The abrupt, direct online start for some mechanical systems creates avoidable wear and tear whereas the soft starter ramps up the speed easing the mechanical burden.
1. For small motors (below 5kW), powering pumps/fans & not requiring starting-current limitation a contactor + OLR is all that is needed. If however these need to be run most of the time or such motors are present in large numbers, there's a potential for energy saving so you're better off with VFDs.
1. Motors above 25kW or even smaller motors that are coupled to high-inertia loads do call for starting current limitation. There are penalties of upto 20% of the monthly power bill for just once exceeding the allowed maximum demand. The Max Demand is measured as the kWh consumed every half-hour multiplied by 2. This is a compelling reason enough even if the user is not keen on saving energy.
Another compelling reason is that high starting currents on large motors cause a dip in voltage for other machinery, this may cause trips and nuisance upsets in other machines. The cheapest method for limiting starting current is the star-delta starter. Next is the Soft-starter, followed by the variable frequency drive. Costs for the VFD are coming down steadily and increasingly their potential for energy saving is getting appreciated.

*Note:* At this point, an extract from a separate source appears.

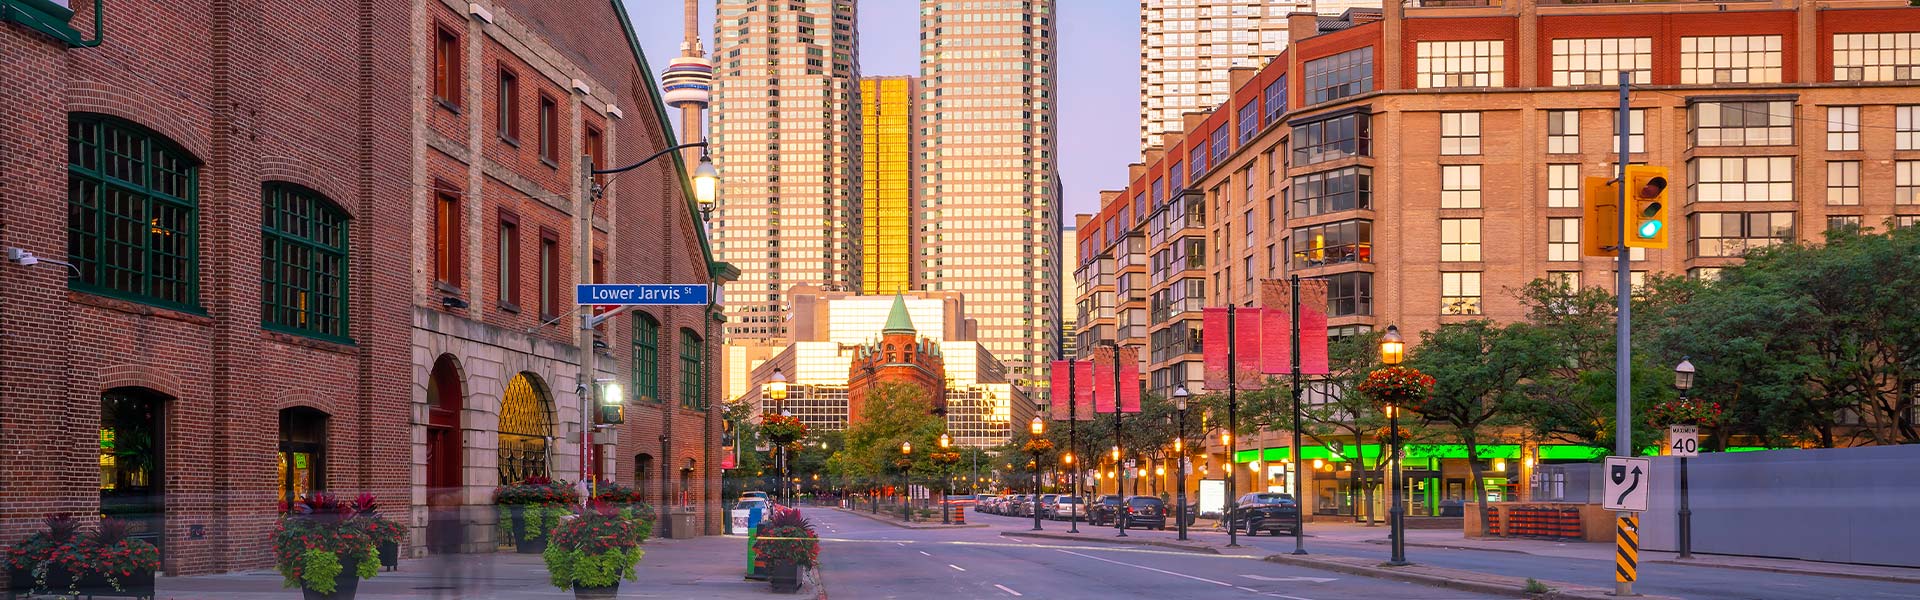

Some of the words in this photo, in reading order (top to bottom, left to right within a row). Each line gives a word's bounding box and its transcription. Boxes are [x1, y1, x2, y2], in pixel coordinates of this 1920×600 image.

1. A soft starter is incapable of speed-control. It only restricts starting current by applying the voltage in a ramp. The consequence is that for much of the ramp, the torque is severely compromised, as torque is proportional to the square of voltage! For 20%, 50%, 80% voltage the corresponding torques available are just 4%, 25% & 64% of full load torque! But this is OK for fans and centrifugal pumps whose torque requirements are just 0.08%, 12.5% & 50% at these speeds, as these are proportional to the CUBE of their speed.

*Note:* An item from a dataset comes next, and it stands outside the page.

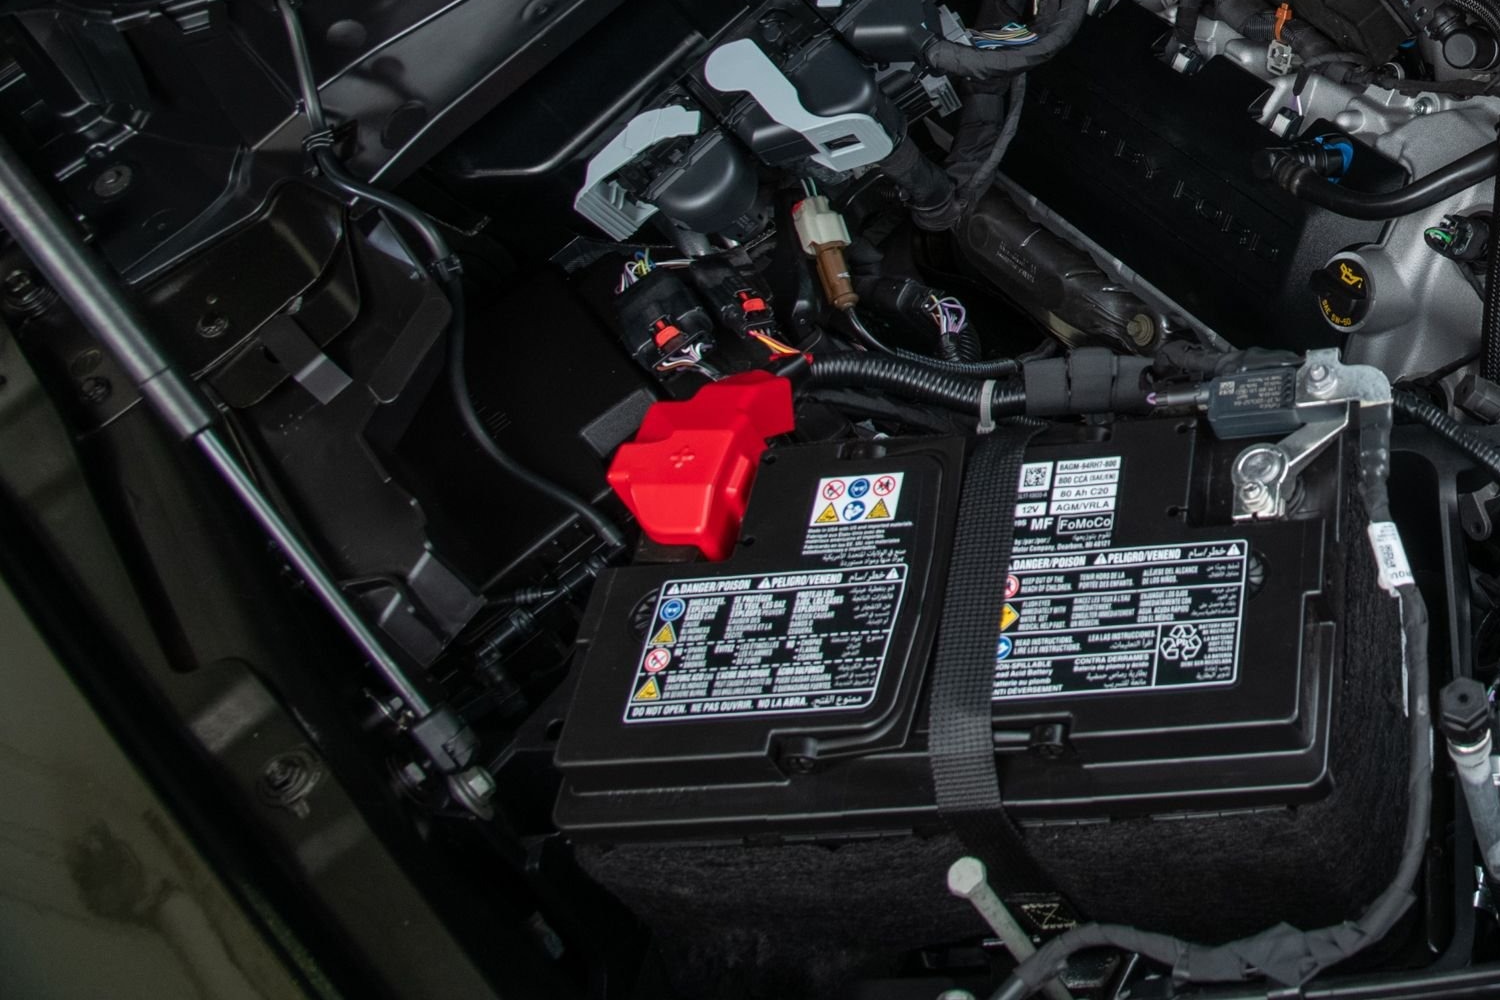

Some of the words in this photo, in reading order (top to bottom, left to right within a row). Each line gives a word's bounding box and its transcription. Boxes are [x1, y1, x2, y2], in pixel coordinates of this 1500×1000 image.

1. Now the variable frequency drive.... It can give full torque or even 200%(short-duration) at low-speeds even at or stand-still! It also starts motors in a ramp thus is also a soft starter! When used with pumps & fans, it can be configured to reduce the speed of fan/pump to match the load. It can also be configured in speed control or torque-control modes. Torque control is critical when the nature of loading fluctuates. For eg.. pumping fluids of varying viscosity or machines that sand plywood. Whenever thicker fluids/wood demands higher torque on the motor, the drive adapts by decreasing speed and increasing torque. When the torque demand is low, speed increases by itself. This is different from the more common speed control, where speed control (not torque) is the goal. Not all variable speed drives provide torque control. A class of drives which give full load torque at standstill (without pulsating) is called vector drive. This is commonly used for winding sheets of paper/steel/film where critical tension control is needed, along with speed + torque control in constant-power mode namely. Speed is inversely proportional to torque.
To learn VFDs, start with understanding the theory of Induction-motor's speed-torque curve. With this insight, you can configure any make of drive at first go without extra software.